I discovered Pressed Juicery via Tracy Anderson and her metamorphasis program.  I am addicted to these juices.  They are a little pricey for my budget, but sooo delicious and nutritious too. Pure, organic, non pasteurized, pressed juice=yum. The ones with ginger in them are the best and on my second trip there last Thursday they had a new menu! I wish they would open another closet sized store in the valley by me in Sherman Oaks, but Brentwood is not that far and I go once a week to workout along the beach with a friend so it's perfect. The juices are around $6.50 each and they ship nationwide and have a truck in Malibu.

I put myself on a diet... and realized how bad my eating habits are and really thinking about where they started.  I was a full time gymnast till I was 23 and growing up I remember so many people telling me..oh you work out a lot so you can eat that stuff.  I believed them and ate away.  Discovering my love for ice cream in the 6th grade when I could buy it at school and thinking back I was a real addict begging my friends for dimes and nickels so I could get my sugar fix.  It continued into high school where I would get 50 cent cookies and fries and reeses, wow I ate bad, but at least I ate it in moderation.

The college came, alcohol and a dining hall.  I didn't gain a freshman 15..but I did gain some.  My heaviest is hard to admit and I think I just always thought it was okay because I worked out so much.  Then gymnastics ends and these realizations of my bad eating habits truly arise.

When I started Tracy Anderson I saw results without following her diet, but then I incorporated it little by little, and saw even better results.  Then came summer, more alcohol, chips & salsa, mom's cooking, and peanut butter & vanilla ice cream.  End of summer=fat me..not anywhere near my heaviest, but about 5 pounds than in June..

So...healthy me has arrived and it includes kale, beets, sweet potatoes, oatmeal, and lots of other veggies, fruits, and whole foods.
No cheese, bread, sugar, or late night binge eating.

Anyways this is a proclamation I have made many a times.

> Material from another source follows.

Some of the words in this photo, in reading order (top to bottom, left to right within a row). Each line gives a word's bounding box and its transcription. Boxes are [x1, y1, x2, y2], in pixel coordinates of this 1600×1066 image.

But I know I can do it this time, I'm much more informed and have more of a will to try to do it.

Pressed Juicery yummyness will have to occur only every other or every 3 weeks because of my wallet, but they are soooo good!

<3 T

Thursday, September 15, 2011

Black Bomber Jacket

I've been wanting a black leather jacket for the last 5 years!
Today I finally got one at Target of all places!
This is a staple I was actually prepared to spend some money on and by chance came across a really comfortable one at Target, yay! I always borrow my sisters when I'm home and now I finally have a jacket for fall/winter.

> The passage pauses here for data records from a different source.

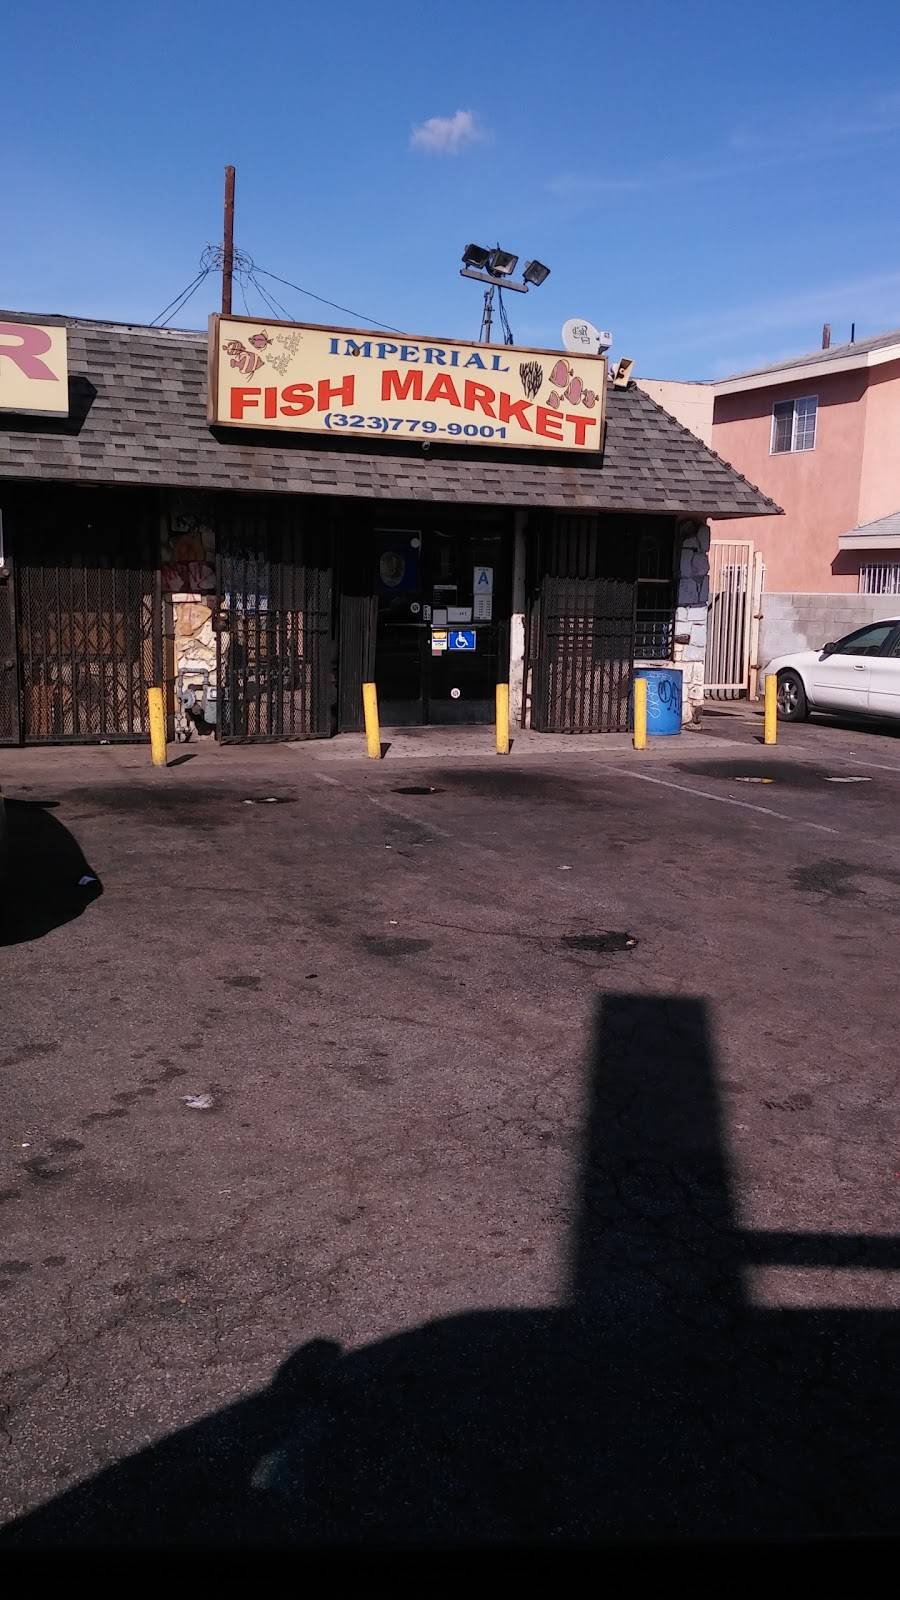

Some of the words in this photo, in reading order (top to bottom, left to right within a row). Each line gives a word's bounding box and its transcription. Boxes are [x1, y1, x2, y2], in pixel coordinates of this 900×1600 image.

[328, 337, 510, 372] IMPERIAL
[230, 374, 355, 420] FISH
[381, 369, 597, 446] MARKET
[324, 412, 507, 440] (323)779-9001
[478, 571, 489, 585] A

I love Target, I could by so much stuff I don't need.  I think it's because it is where I went with my mom all the time while growing up and home/house stuff is all so pretty to me.

It's funny to be in this stage of life, while I have some friends that are married and having babies or living with their boyfriends.  I am still just dating and having fun and figuring everything out.  My daily schedule right now revolves around me and it's so crazy for me to think I could handle what my friends and cousin Aly is going through right now.

Anyways, it puts it all into perspective of just how quickly life changes!
<3 T
ps-im about to watch the finale of season 8 friends where Rachel has her baby so yes I had baby on the brain from that :)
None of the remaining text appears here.